It did indeed appear that the patient was having a difficult time with getting his poor heart to cooperate with him, as he had apparently recently taken to participating in butter drinking competitions all around the United States.

I thought to myself for a moment, then replied “Yeah, I guess so. Probably time to move him to the ER.” The patient had been very unconscious for the past 15 minutes or so.

The patient was strapped to a gurney and transported from the waiting room and wheeled into an operating room by a team of medical personnel. It was about 3:00 AM, and all of the staff were nearing exhaustion. I followed the rest of the nurses to the operating room soon after, and Dr. Ericson was sipping his coffee right next to the operating table.

As a wave of tiredness came over me, I had to strain myself mentally to remember my medical training, lest this man die on my table. Alright first step… Yeah, I think i should probably wash my hands so i don’t give him an infection.

As I scrubbed my hands, Dr. Ericson put his gloves on and pulled out his tray of surgical instruments. “Ready doctor?” He asks me through his surgical mask.

“Yep, as long as I stay awake,” I reply. Tonight was going to be a long night. I put my latex gloves on, and as I approached the table, I saw that the patient was fully prepared for me, ready to go. First, I asked the nurse for a scalpel and made a vertical incision about 8 inches long above the sternum.

And this is exactly where I forgot what I was supposed to do. Embarrassed, I asked Dr. Ericson “So, remember back to med school? If I were testing you now, what would you say the next step would be?”

“Uh, I guess it would help to get through the ribcage,” Dr. Ericson replied. “I think there is probably a hacksaw for that around here somewhere.”

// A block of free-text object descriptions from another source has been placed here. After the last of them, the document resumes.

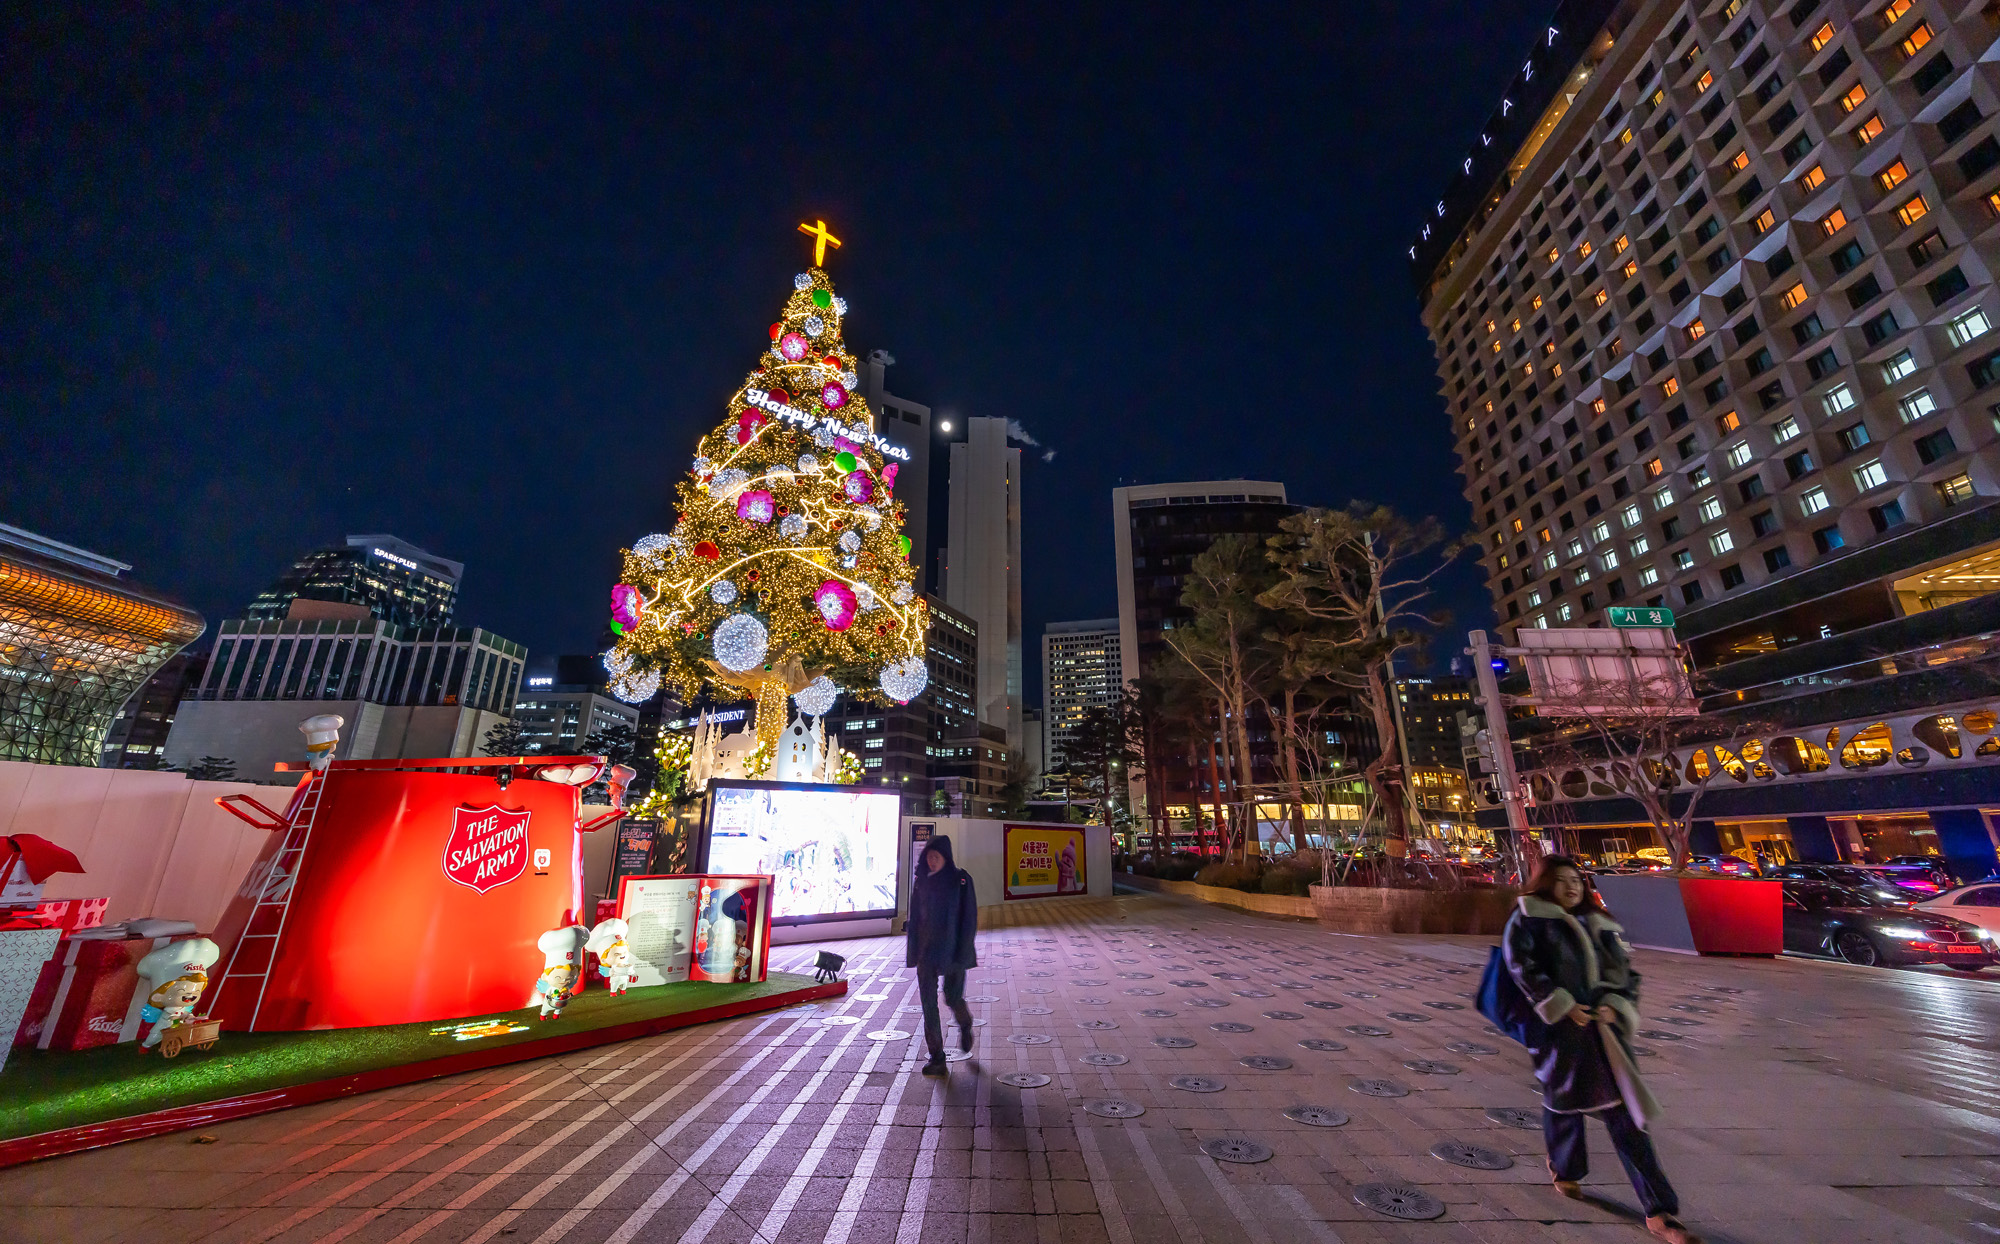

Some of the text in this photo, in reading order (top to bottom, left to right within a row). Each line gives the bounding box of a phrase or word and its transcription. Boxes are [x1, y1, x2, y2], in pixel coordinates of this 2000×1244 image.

[1408, 27, 1559, 260] THE PLAZA
[747, 388, 910, 461] Happy New Year
[449, 819, 526, 871] SALVATION
[466, 815, 499, 840] THE
[1022, 840, 1049, 855] 서울광장
[473, 844, 520, 884] ARMY
[1019, 856, 1053, 871] 스케이트장
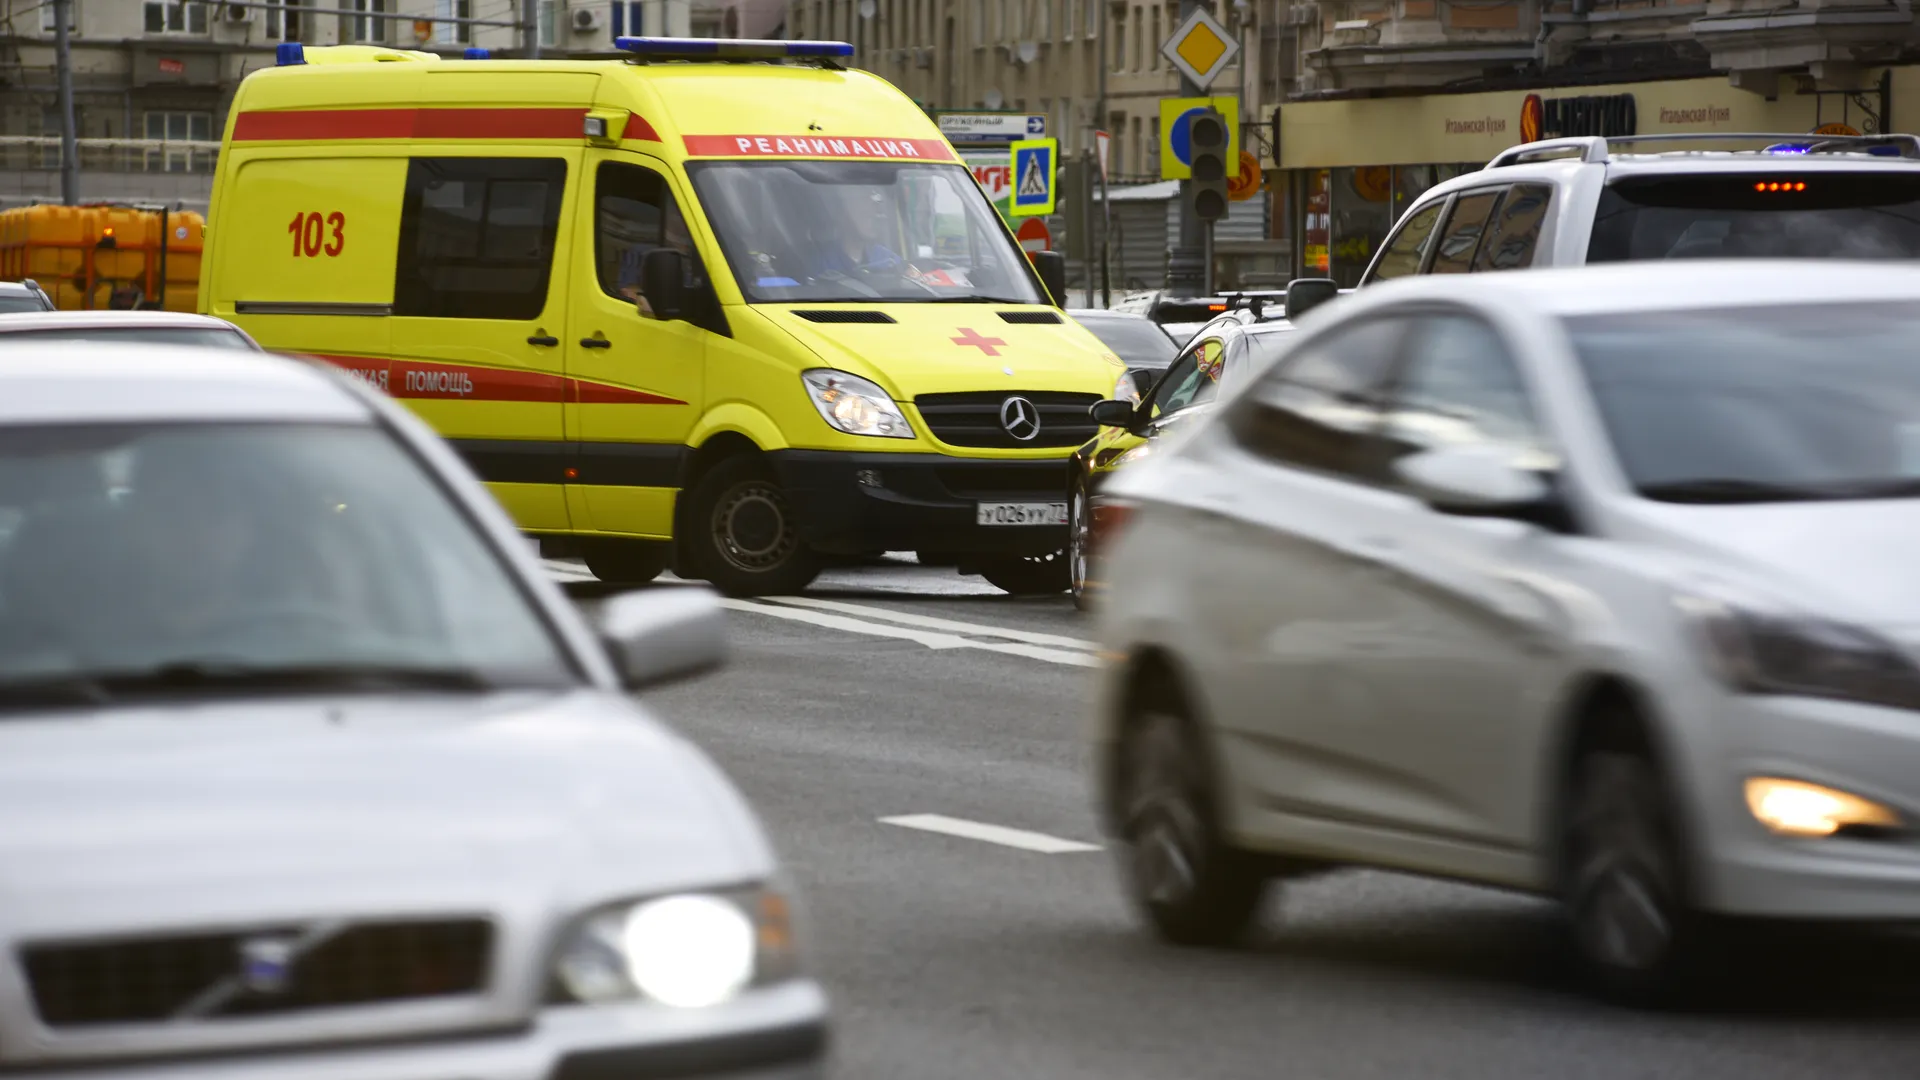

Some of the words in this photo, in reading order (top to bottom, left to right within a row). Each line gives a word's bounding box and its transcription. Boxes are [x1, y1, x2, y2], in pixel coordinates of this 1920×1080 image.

[735, 137, 919, 157] РЕАНИМАЦИЯ
[288, 211, 345, 257] 103
[405, 370, 473, 395] ПОМОЩЬ

It became apparent to me then, that Dr. Ericson was under the same spell of fatigue that I was. He began clanking around a few drawers looking for the saw, when a nurse began to ask “Hey doctor, aren’t you supposed to…”

“Quiet, nurse,” I interjected. I wasn’t about to have some under-educated peon lecture me on how to do my job.

The clanking stopped, and Dr. Ericson looked up from his drawer “Found one!” he exclaimed as he held it high: a rusted hacksaw covered in white paint chips, clearly last used for woodworking.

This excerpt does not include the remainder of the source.